Architecture
Sirchmunk’s architecture is organized into cleanly separated layers, following the principle of Separation of Concerns.
System Overview

Core Components
| Component | Description |
|---|---|
| AgenticSearch | Search orchestrator with LLM-enhanced retrieval capabilities |
| KnowledgeBase | Transforms raw results into structured knowledge clusters with evidences |
| EvidenceProcessor | Evidence processing based on the Monte Carlo Importance Sampling |
| GrepRetriever | High-performance indexless file search with parallel processing |
| OpenAIChat | Unified LLM interface supporting streaming and usage tracking |
| MonitorTracker | Real-time system and application metrics collection |
Multi-Phase Search Pipeline
At the heart of Sirchmunk is a multi-phase search pipeline designed around maximum parallelism within each phase and strict phase dependencies between them.
Phase 0 — Knowledge Cluster Reuse
Before any computation begins, the system checks whether a semantically similar query has been answered before. A lightweight embedding of the query is compared via cosine similarity against stored knowledge clusters. If a close match is found (above a configurable threshold), the cached cluster is returned immediately — providing sub-second response times for repeated or paraphrased queries.
This is not merely a cache — it is the beginning of knowledge compounding. Each reuse appends the new query to the cluster’s history, so the system remembers which questions led to which insights.
Phase 1 — Parallel Probing
Four independent probes launch concurrently to gather diverse signals:
- LLM Keyword Extraction — The LLM decomposes the query into multi-level keywords, from coarse (high recall) to fine (high precision), each annotated with an estimated rarity score. This multi-granularity approach ensures that both broad topics and specific terms are captured.
- Directory Structure Scan — The file system is traversed to collect path metadata: file names, sizes, modification times, and content previews. This is the foundation for intelligent inference — using structural cues (naming conventions, directory hierarchy, file types) to narrow down the most promising candidates before ever reading their content.
- Knowledge Cache Lookup — Partial match search across existing clusters for potential reuse of previously acquired knowledge.
- Spec-Path Context Load — Previously computed context for known paths is loaded from cache.
Phase 2 — Retrieval & Ranking
Two complementary strategies run in parallel:
- Content-based retrieval — IDF-weighted keyword search through raw file contents
- Structure-based ranking — LLM-guided evaluation of candidate files by metadata
Phase 3 — Knowledge Cluster Construction
Results are merged, deduplicated, and processed through Monte Carlo evidence sampling. The LLM synthesizes evidence fragments into structured Knowledge Clusters.
Phase 4 — Summarization or ReAct Refinement
- Evidence found → LLM generates a structured briefing
- No evidence → ReAct agent activates for iterative exploration
Phase 5 — Persist
Valuable clusters are saved with their embeddings for future reuse.
Key Algorithms
Monte Carlo Evidence Sampling
Traditional retrieval systems read entire documents or rely on fixed-size chunks, leading to either wasted tokens or lost context.
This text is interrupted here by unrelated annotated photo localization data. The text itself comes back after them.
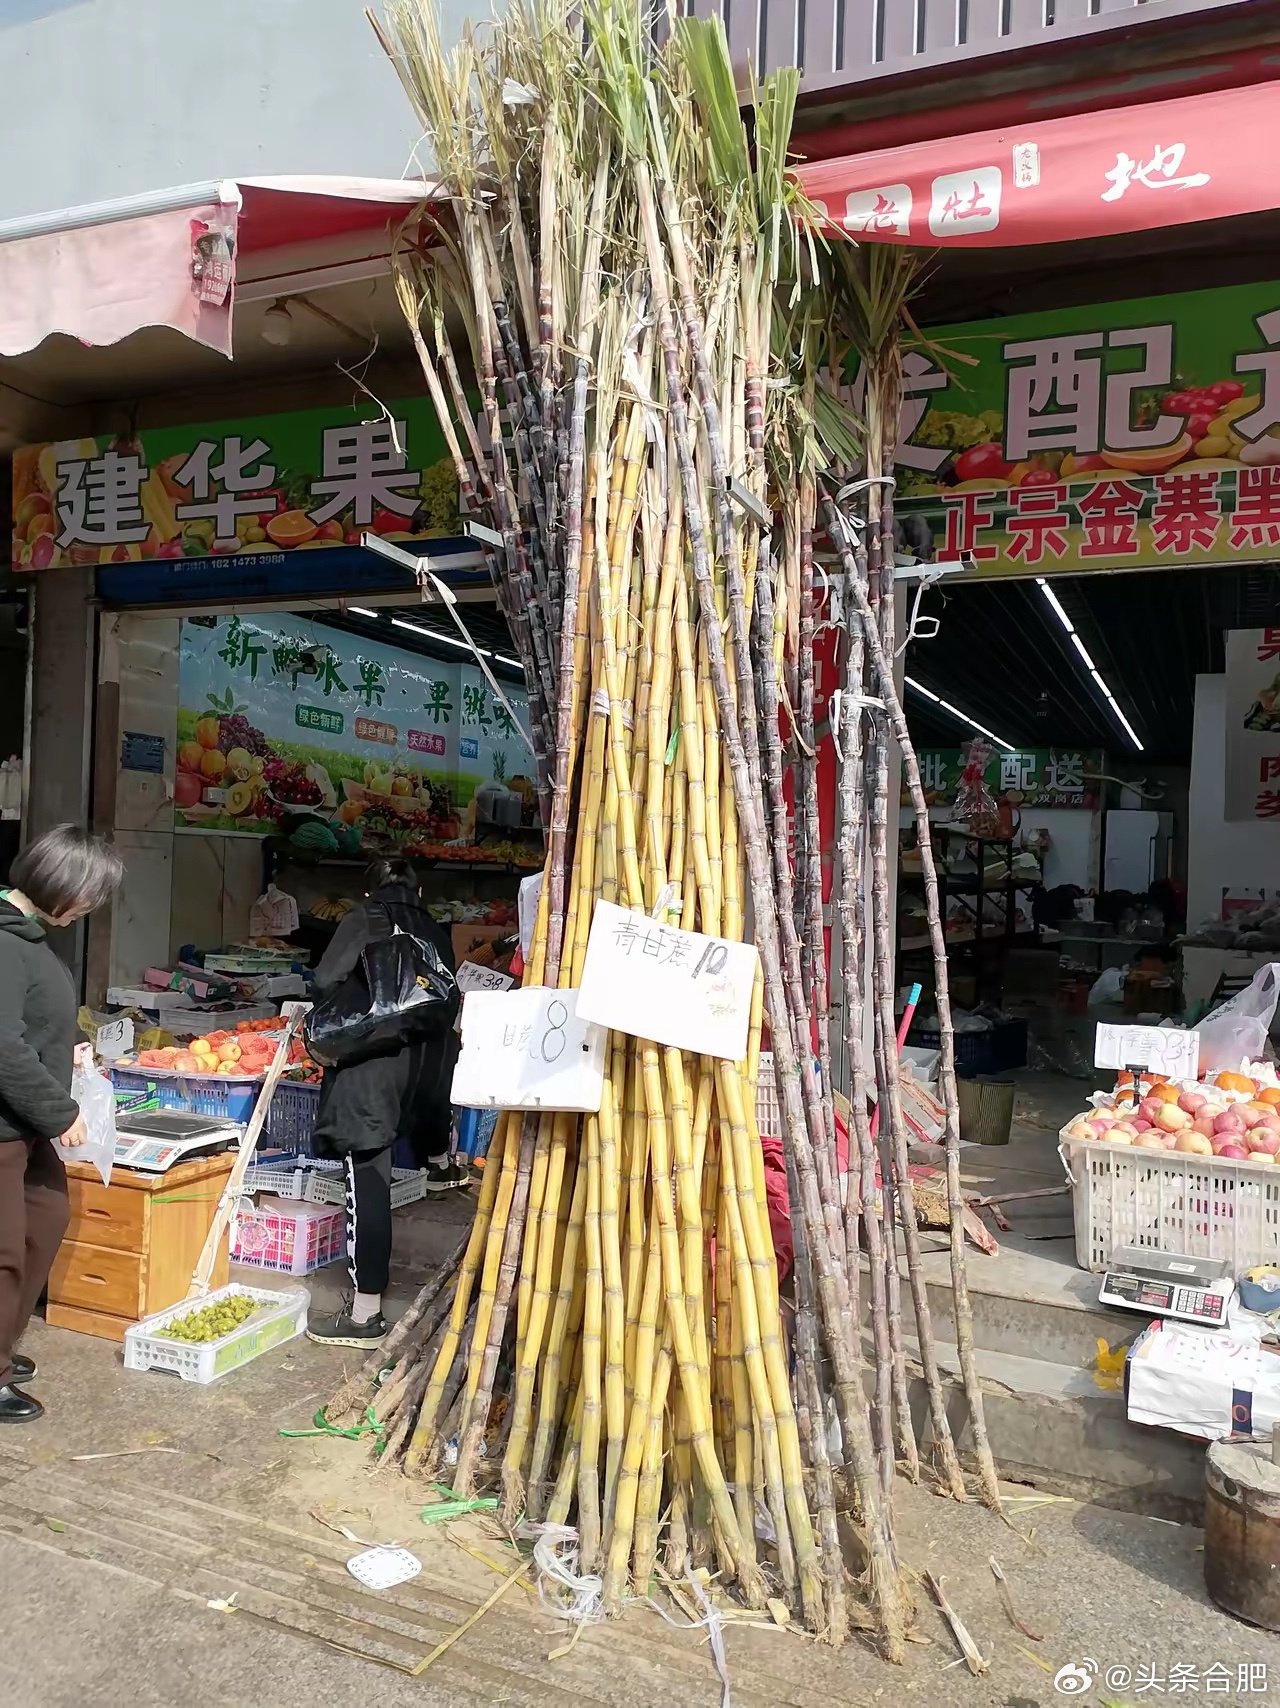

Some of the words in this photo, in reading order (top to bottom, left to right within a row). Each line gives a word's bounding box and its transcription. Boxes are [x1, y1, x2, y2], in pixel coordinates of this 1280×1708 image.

[1101, 143, 1211, 202] 地
[935, 466, 1280, 564] 正宗金寨黑
[409, 733, 443, 752] 天然水果
[917, 753, 1084, 792] 批配送
[691, 941, 729, 979] 10
[482, 973, 504, 991] 3.8
[115, 1020, 124, 1042] 3
[540, 999, 568, 1064] 8
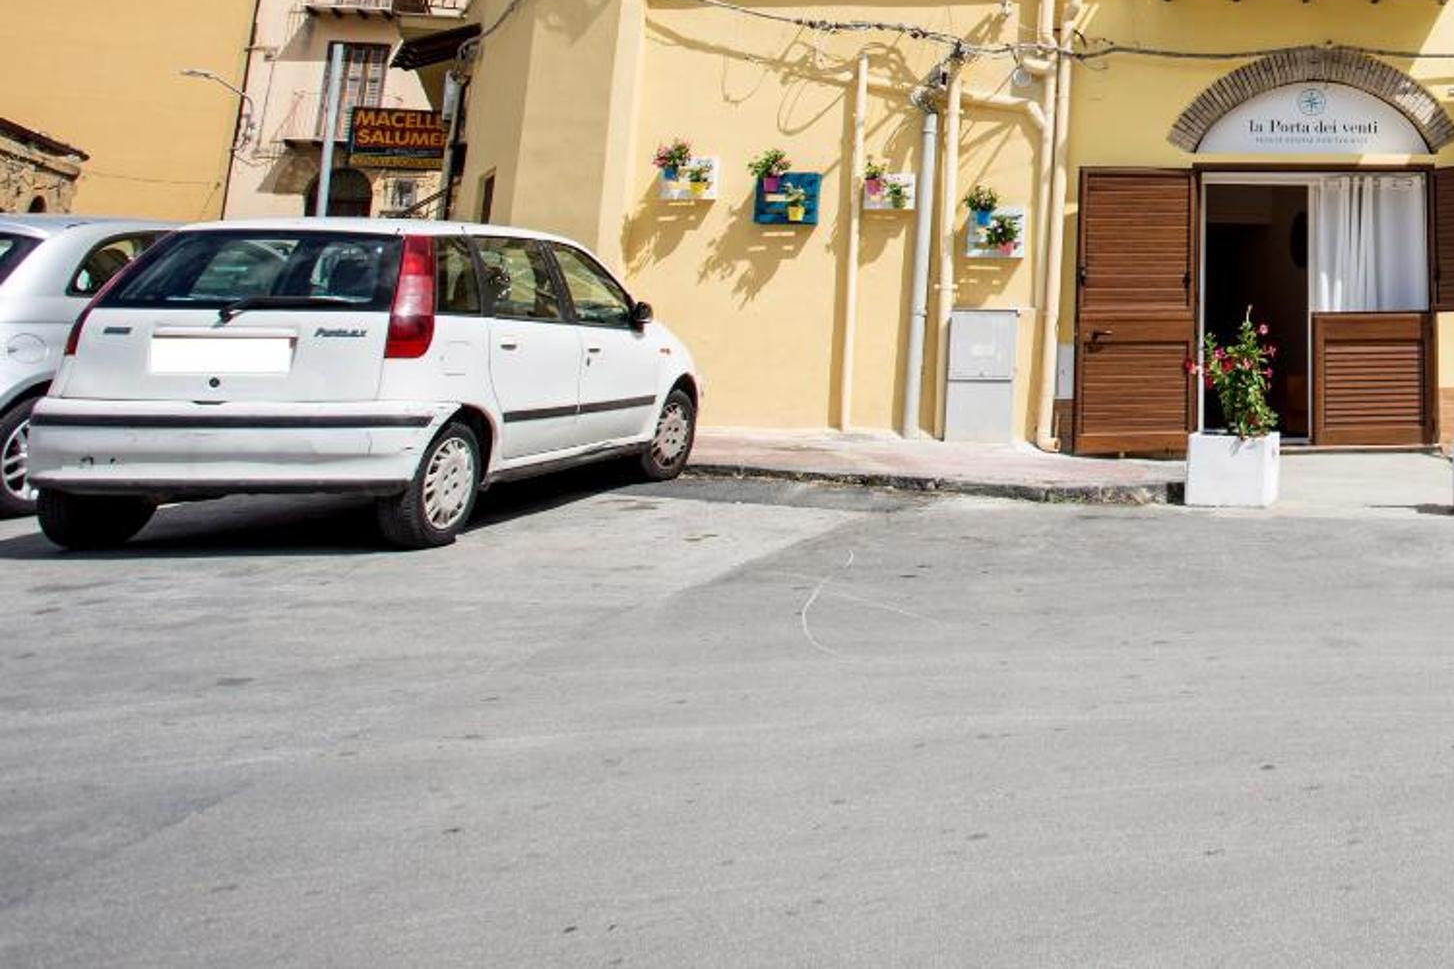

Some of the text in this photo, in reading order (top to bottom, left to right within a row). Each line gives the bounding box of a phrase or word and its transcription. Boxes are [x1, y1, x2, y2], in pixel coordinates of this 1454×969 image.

Sirchmunk takes a fundamentally different approach inspired by Monte Carlo methods — treating evidence extraction as a sampling problem rather than a parsing problem.

The algorithm operates in three phases:
Phase 1 — Cast the Net (Exploration): Fuzzy anchor matching combined with stratified random sampling. The system identifies seed regions of potential relevance while maintaining broad coverage through randomized probing — ensuring no high-value region is missed.
Phase 2 — Focus (Exploitation): Gaussian importance sampling centered around high-scoring seeds from Phase 1. The sampling density concentrates on the most promising regions, extracting surrounding context and scoring each snippet for relevance.
Phase 3 — Synthesize: The top-K scored snippets are passed to the LLM, which synthesizes them into a coherent Region of Interest (ROI) summary with a confidence flag — enabling the pipeline to decide whether evidence is sufficient or a ReAct agent should be invoked for deeper exploration.
Key properties:
- Document-agnostic: The same algorithm works equally well on a 2-page memo and a 500-page technical manual — no document-specific chunking heuristics needed.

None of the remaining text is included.